- Problem -
Pictures are to be left out, and every entry repeated exactly.

·····

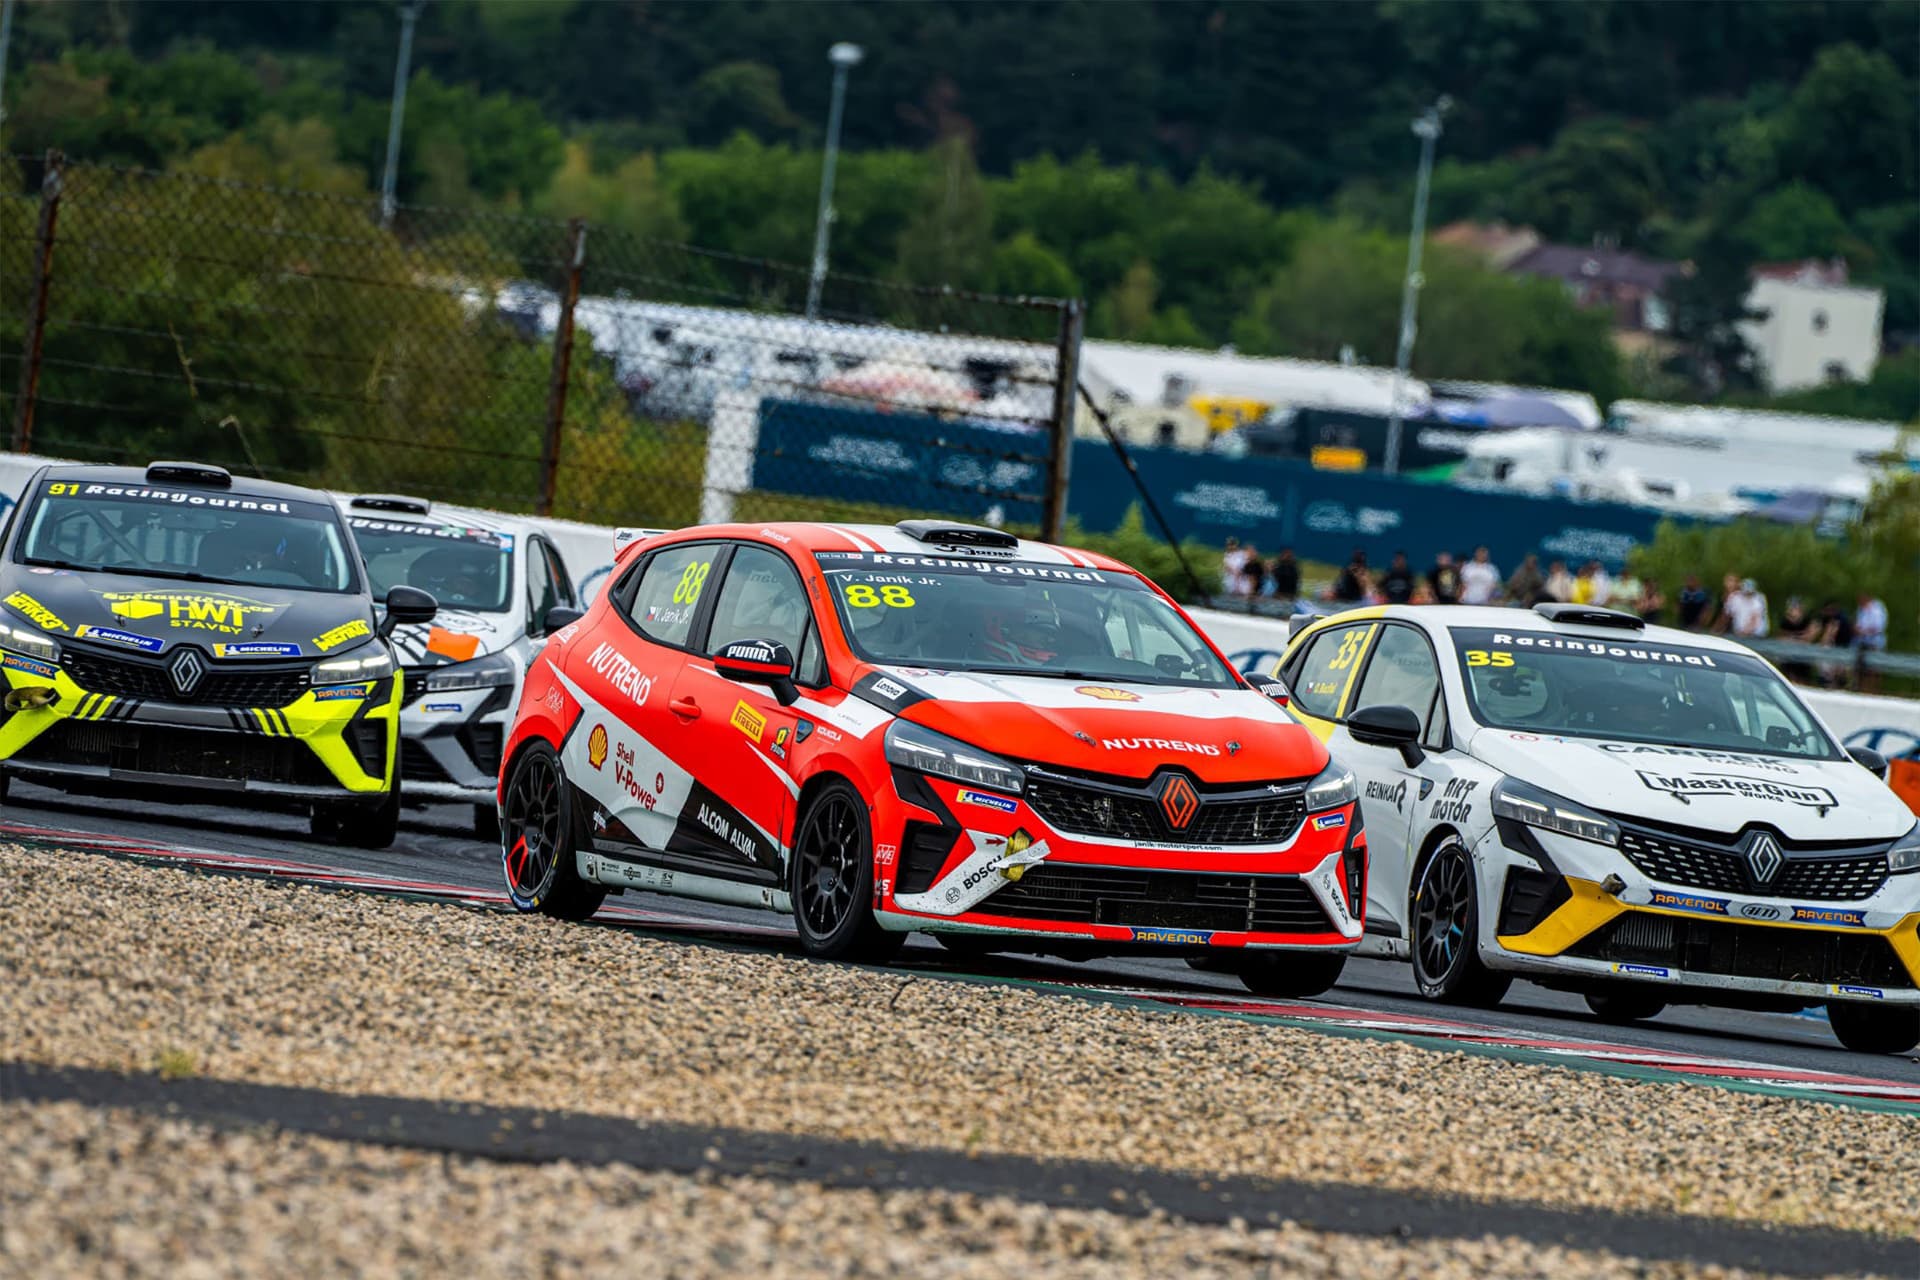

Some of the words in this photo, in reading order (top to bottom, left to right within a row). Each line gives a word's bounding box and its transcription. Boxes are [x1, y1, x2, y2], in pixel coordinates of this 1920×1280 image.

[48, 483, 80, 496] 91
[673, 561, 710, 604] 88
[845, 585, 916, 608] 88
[169, 599, 243, 627] HWT
[170, 619, 243, 635] STAVBY
[101, 631, 153, 646] MICHELIN
[726, 646, 769, 661] PUMA
[1328, 630, 1366, 670] 35
[1465, 650, 1515, 667] 35
[5, 656, 53, 677] RAVENOL
[586, 641, 651, 706] NUTREND
[317, 688, 366, 698] RAVENOL
[735, 707, 762, 737] PIRELLI
[616, 741, 635, 767] Shell
[1102, 738, 1220, 756] NUTREND
[615, 760, 657, 812] V-Power
[1656, 777, 1821, 802] MasterGun
[1741, 789, 1785, 803] Works
[974, 796, 1013, 810] MICHELIN
[1429, 799, 1472, 823] MOTOR
[697, 803, 729, 841] ALCOM
[729, 828, 757, 863] ALVAL
[1331, 888, 1348, 925] BOSCH
[1655, 893, 1725, 912] RAVENOL
[1796, 909, 1861, 924] RAVENOL
[1136, 931, 1207, 945] RAVENOL

·····

- Written response -
Some of the words in this photo, in reading order (top to bottom, left to right within a row). Each line gives a word's bounding box and its transcription. Boxes are [x1, y1, x2, y2], in pixel coordinates of this 1920×1280 image.

[48, 483, 80, 496] 91
[673, 561, 710, 604] 88
[845, 585, 916, 608] 88
[169, 599, 243, 627] HWT
[170, 619, 243, 635] STAVBY
[101, 631, 153, 646] MICHELIN
[726, 646, 769, 661] PUMA
[1328, 630, 1366, 670] 35
[1465, 650, 1515, 667] 35
[5, 656, 53, 677] RAVENOL
[586, 641, 651, 706] NUTREND
[317, 688, 366, 698] RAVENOL
[735, 707, 762, 737] PIRELLI
[616, 741, 635, 767] Shell
[1102, 738, 1220, 756] NUTREND
[615, 760, 657, 812] V-Power
[1656, 777, 1821, 802] MasterGun
[1741, 789, 1785, 803] Works
[974, 796, 1013, 810] MICHELIN
[1429, 799, 1472, 823] MOTOR
[697, 803, 729, 841] ALCOM
[729, 828, 757, 863] ALVAL
[1331, 888, 1348, 925] BOSCH
[1655, 893, 1725, 912] RAVENOL
[1796, 909, 1861, 924] RAVENOL
[1136, 931, 1207, 945] RAVENOL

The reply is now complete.